Physical properties include low density, high bending strength, elastic modulus and fracture toughness. It is also extremely chemically resistant to most acids and bases, corrosive gases and liquid metals.
The material is also resistant to thermal shock, a phenomenon where materials change in size or volume due to small changes in temperature. The strong atomic bonds of this ceramic make it highly resistant to thermal expansion, which is often the cause of distortion in materials.

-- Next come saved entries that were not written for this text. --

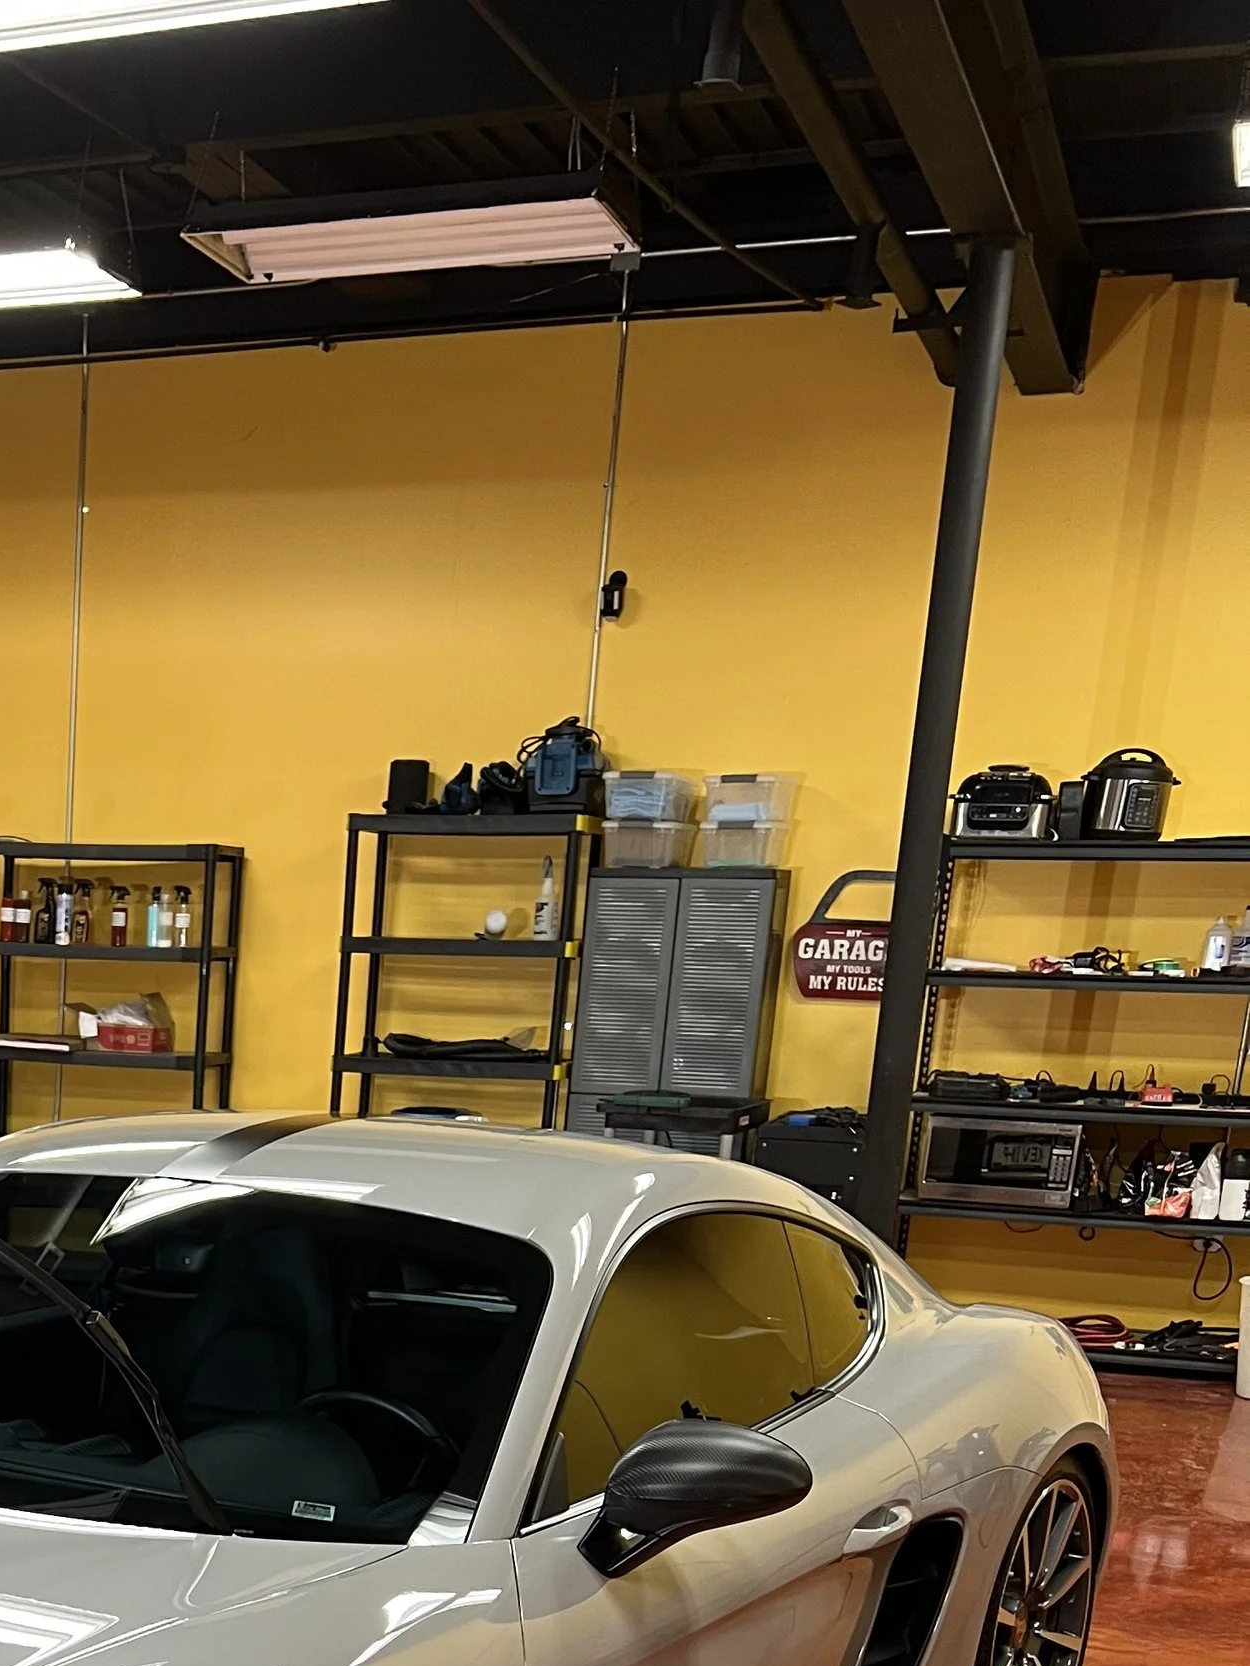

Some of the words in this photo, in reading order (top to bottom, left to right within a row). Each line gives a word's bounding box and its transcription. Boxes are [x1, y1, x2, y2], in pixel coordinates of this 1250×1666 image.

[846, 929, 862, 937] MY
[798, 937, 888, 961] GARAG
[826, 964, 840, 973] MY
[843, 965, 871, 974] TOOLS
[808, 975, 833, 990] MY

Typical applications of silicon nitride include measuring tips for atomic force microscopes, insulating and passivating components in semiconductor technology, and masking in local silicon oxidation (LOCOS) processes. Moreover, silicon nitride is an excellent choice for high temperature and wear resistance in ball bearings.
A new method for producing silicon nitride-based ceramics via LCM was developed. The lithography-based technique is based on a commercially available photocurable ceramic suspension.
The results showed that the resulting ceramic parts were comparable to conventionally manufactured silicon nitride-based ceramics, such as biaxial strength and hardness values (HV10 1500). Additionally, the lateral over-polymerization of the polymerized layer was significantly reduced.
This result suggests that the LCM method is a feasible alternative to traditional SLA-based ceramic manufacturing. It can be used for the manufacturing of complex and highly detailed silicon nitride-based parts, which are ideally suited to medical applications such as hip resurfacing prostheses.